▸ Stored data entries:

++++++++

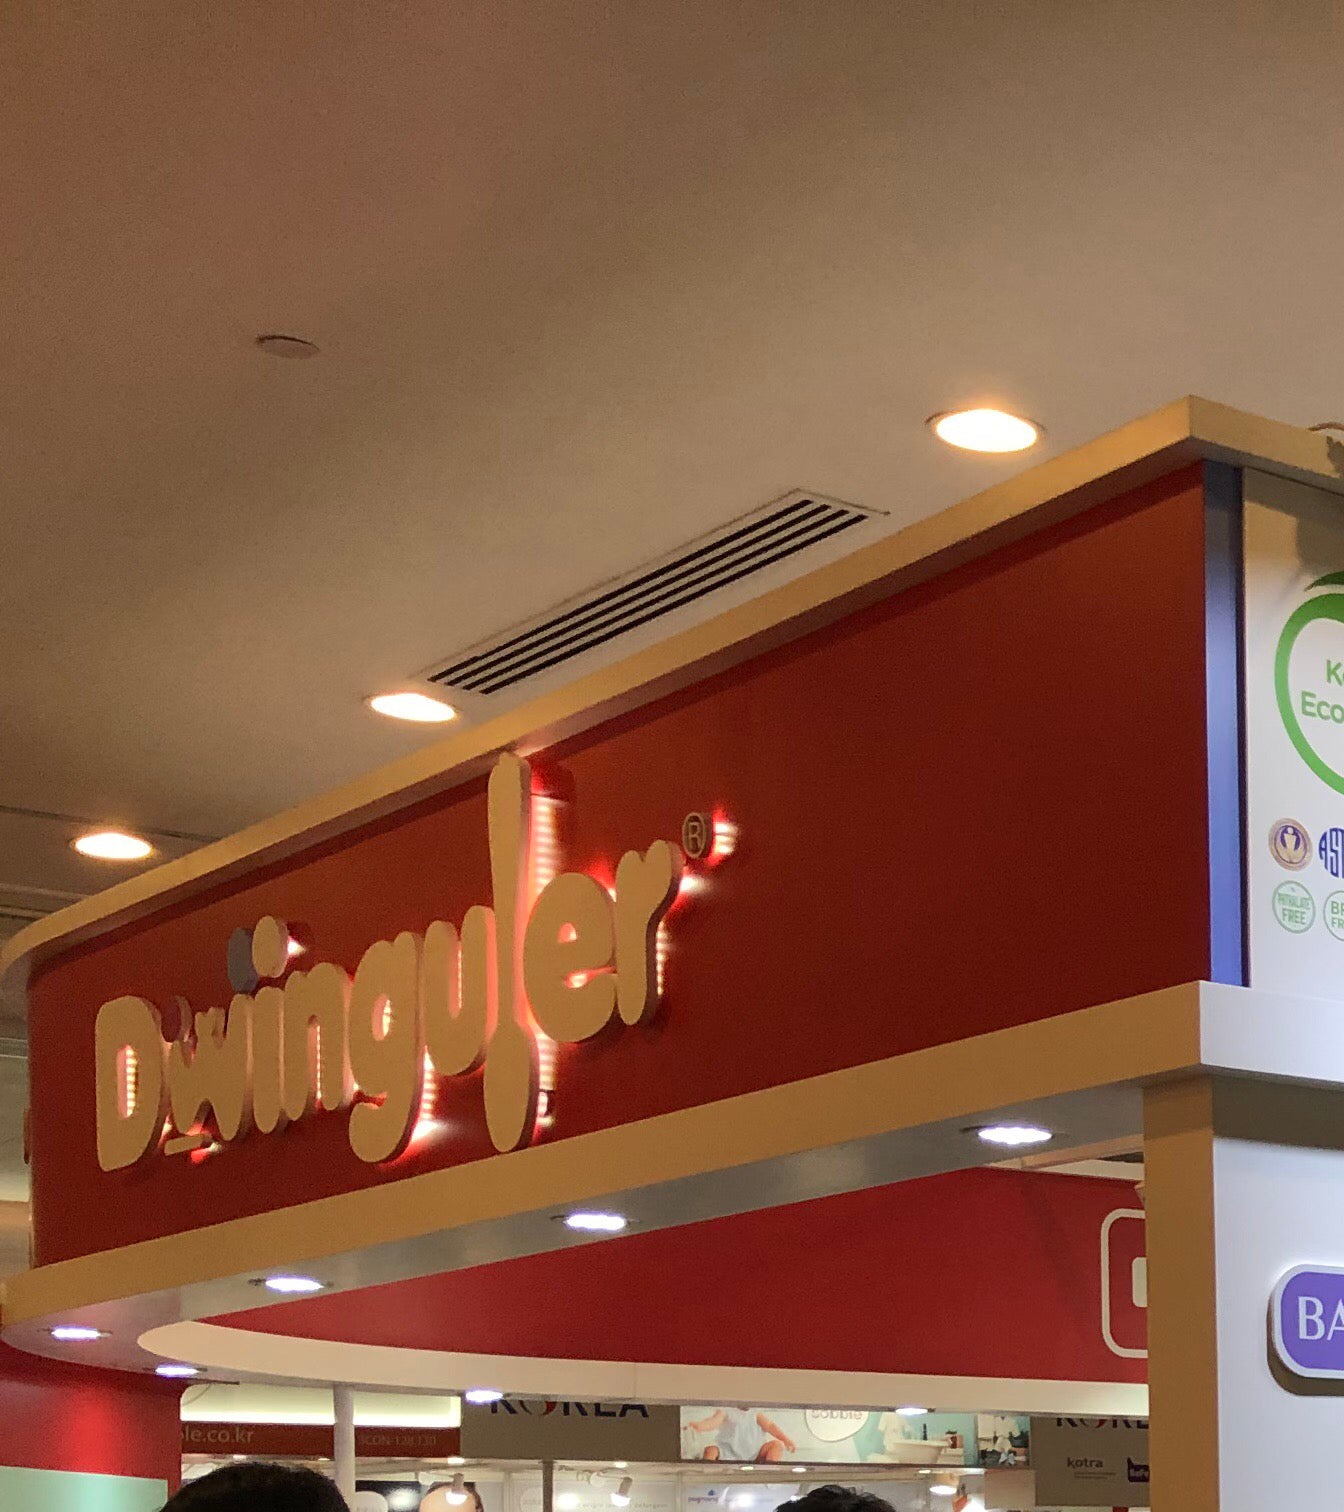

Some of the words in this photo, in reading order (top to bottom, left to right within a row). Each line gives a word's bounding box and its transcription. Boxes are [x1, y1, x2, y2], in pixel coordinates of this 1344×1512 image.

[1282, 909, 1307, 926] FREE
[95, 752, 684, 1171] Dwinguler
[1067, 1457, 1104, 1470] kotra
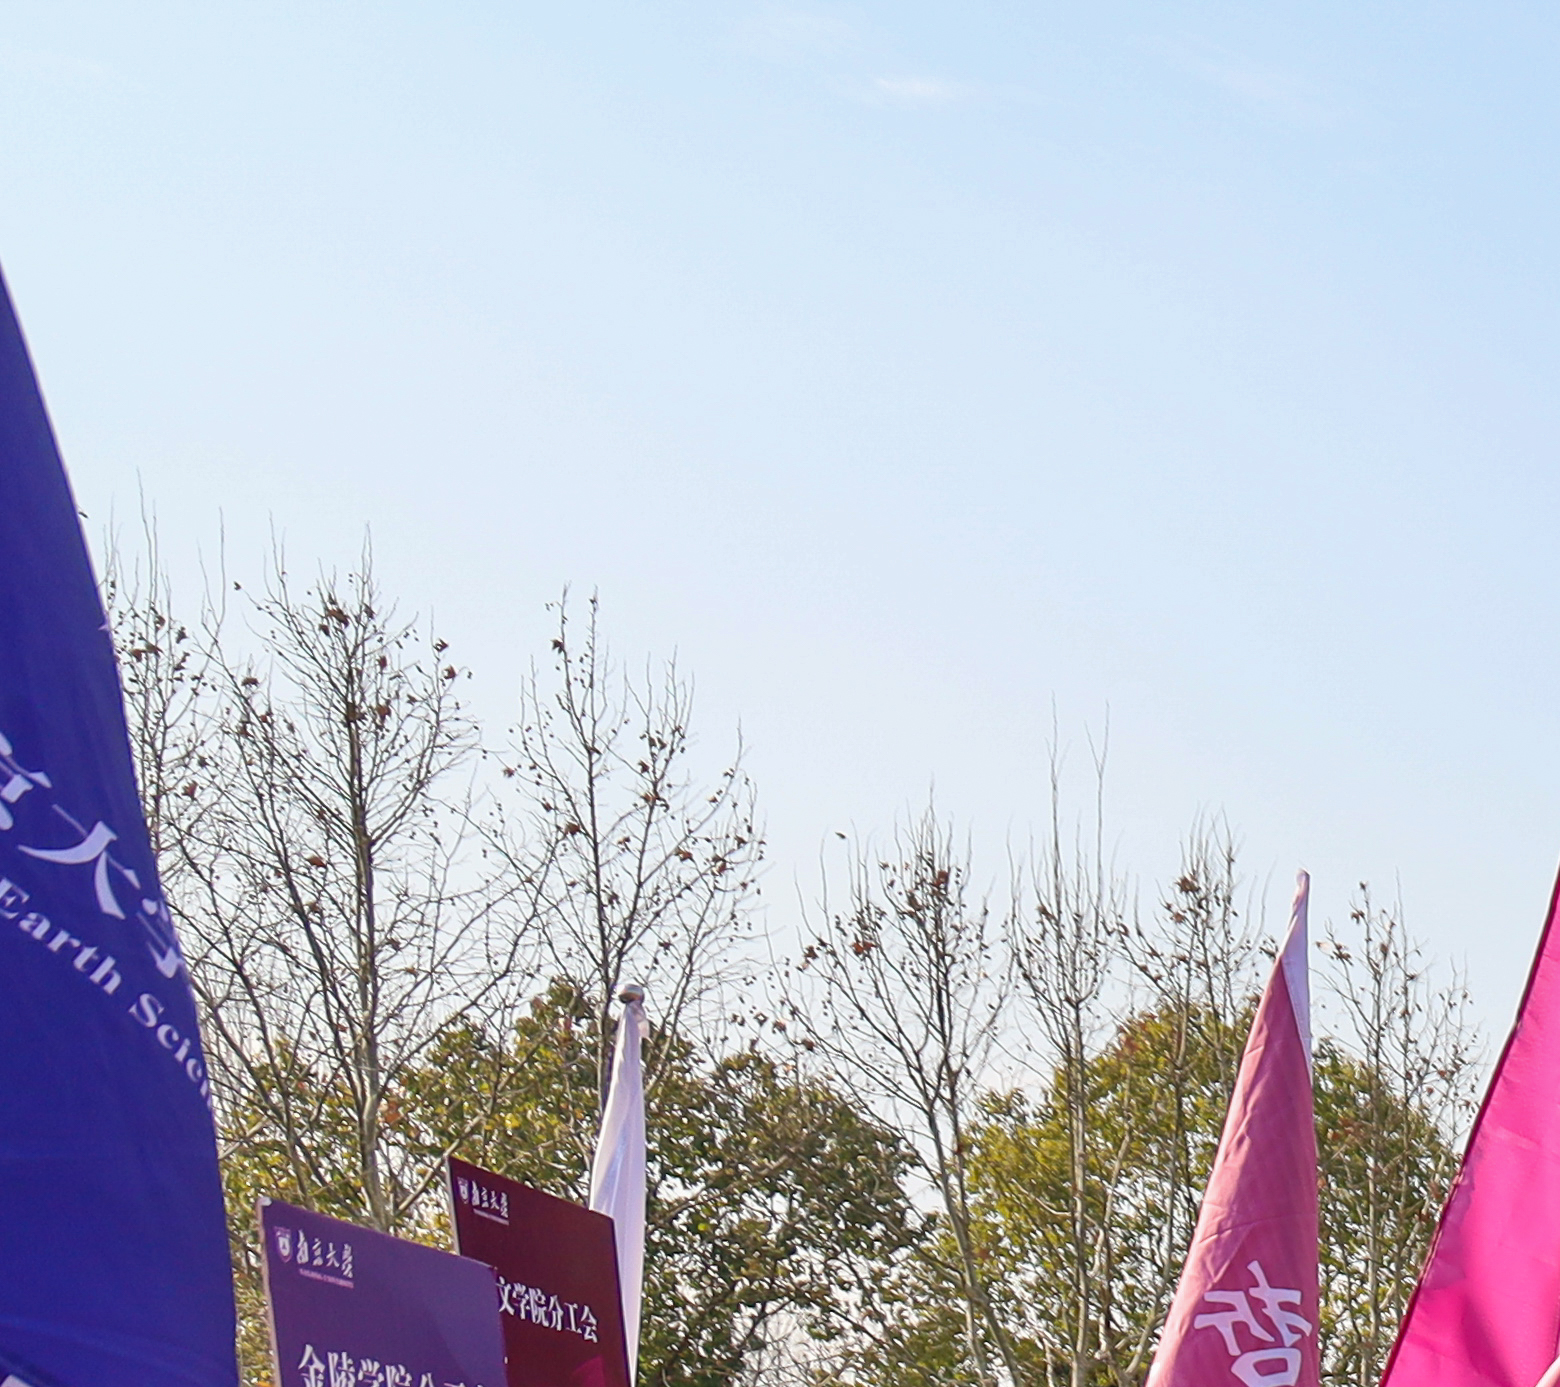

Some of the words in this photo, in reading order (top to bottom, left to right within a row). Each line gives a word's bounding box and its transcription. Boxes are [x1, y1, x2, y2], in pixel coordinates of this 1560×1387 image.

[0, 877, 123, 996] Earth
[496, 1276, 598, 1343] 文学院分工会
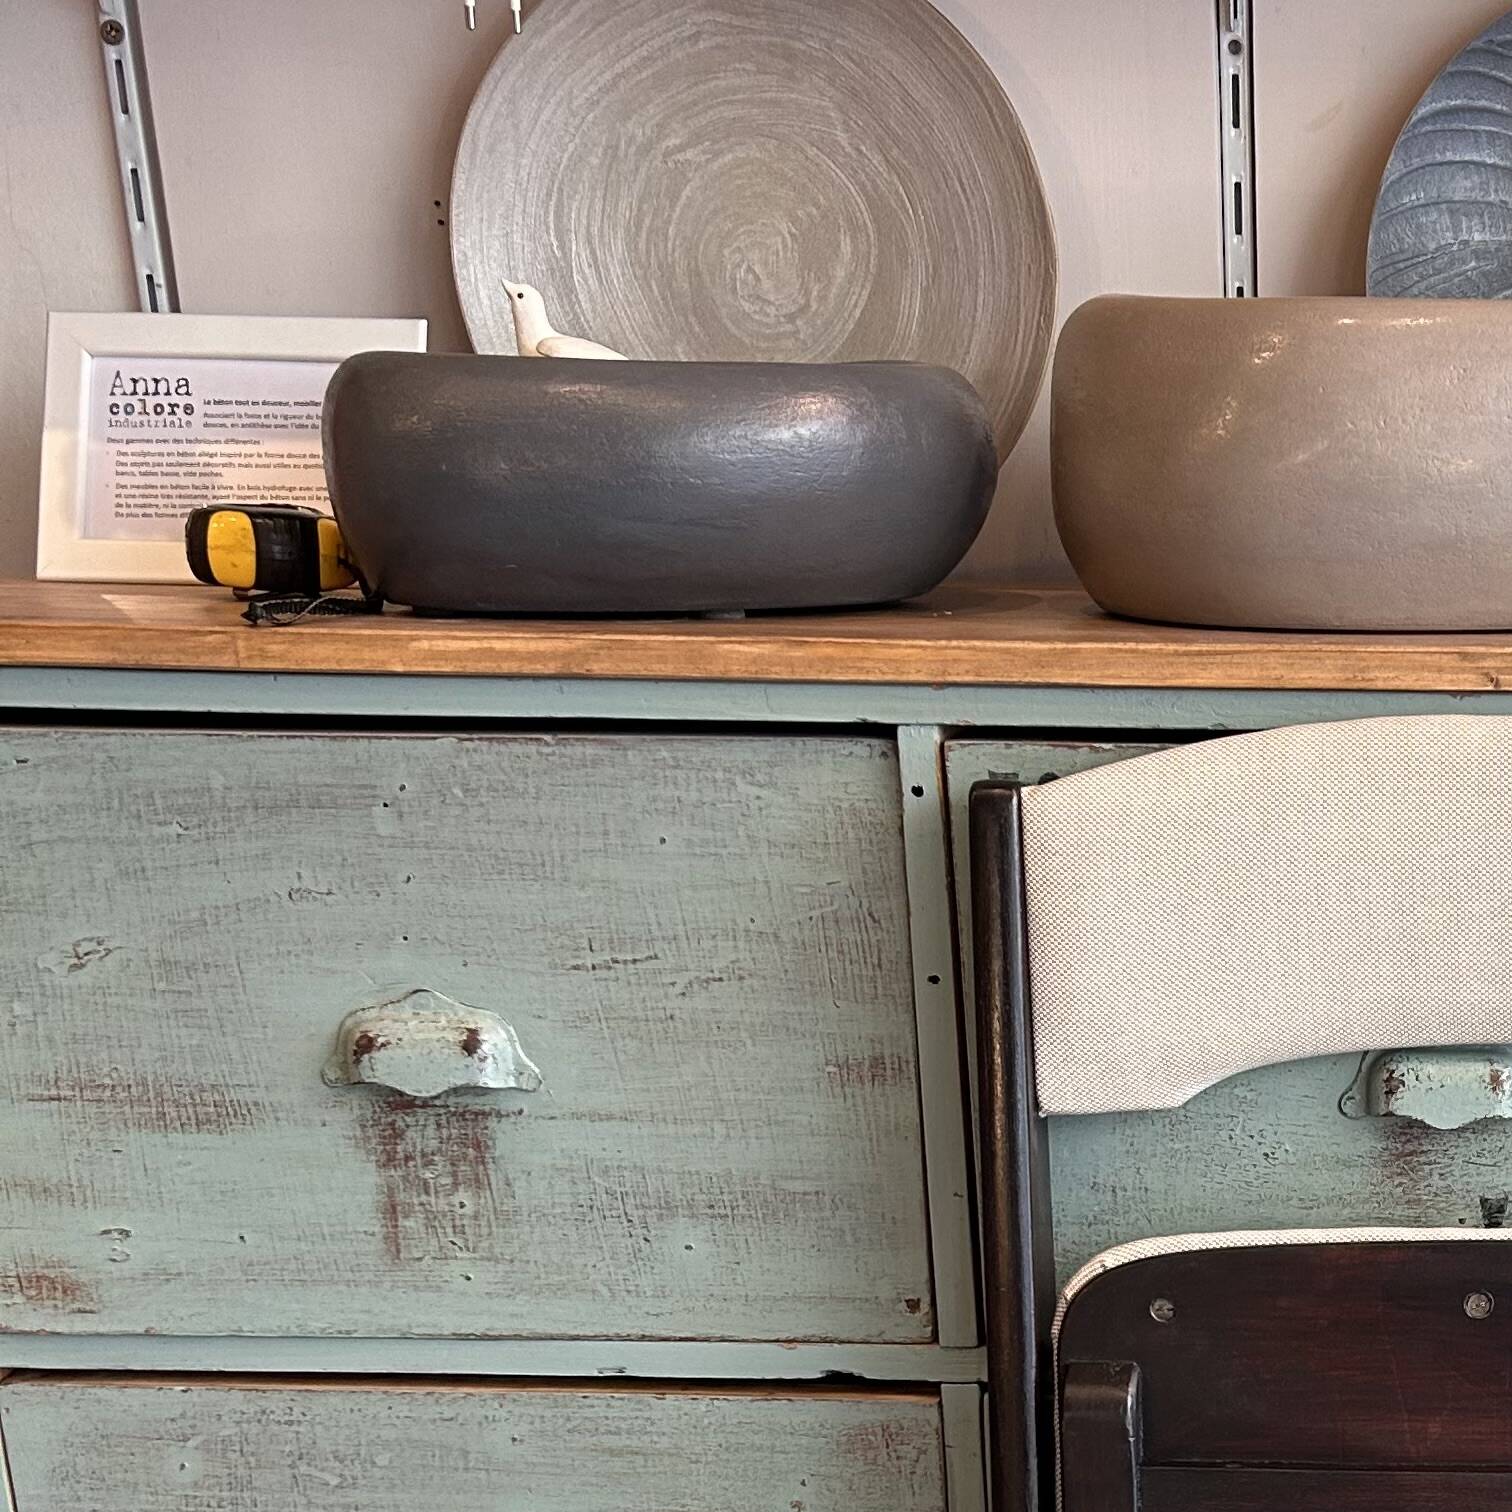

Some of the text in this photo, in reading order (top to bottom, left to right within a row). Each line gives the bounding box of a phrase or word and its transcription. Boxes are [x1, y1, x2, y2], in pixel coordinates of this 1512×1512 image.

[109, 369, 192, 397] Anna
[109, 398, 195, 416] colore
[107, 417, 193, 429] industriale

++++++++

▸ Task item:
Leaving the pictures aside, repeat the data above exactly.

▸ Answer for this exercise:
Some of the words in this photo, in reading order (top to bottom, left to right within a row). Each line gives a word's bounding box and its transcription. Boxes are [x1, y1, x2, y2], in pixel coordinates of this 1344×1512 image.

[1282, 909, 1307, 926] FREE
[95, 752, 684, 1171] Dwinguler
[1067, 1457, 1104, 1470] kotra

Some of the words in this photo, in reading order (top to bottom, left to right within a row). Each line gives a word's bounding box and its transcription. Boxes are [x1, y1, x2, y2], in pixel coordinates of this 1560×1387 image.

[0, 877, 123, 996] Earth
[496, 1276, 598, 1343] 文学院分工会

Some of the text in this photo, in reading order (top to bottom, left to right within a row). Each line gives the bounding box of a phrase or word and its transcription. Boxes are [x1, y1, x2, y2], in pixel coordinates of this 1512×1512 image.

[109, 369, 192, 397] Anna
[109, 398, 195, 416] colore
[107, 417, 193, 429] industriale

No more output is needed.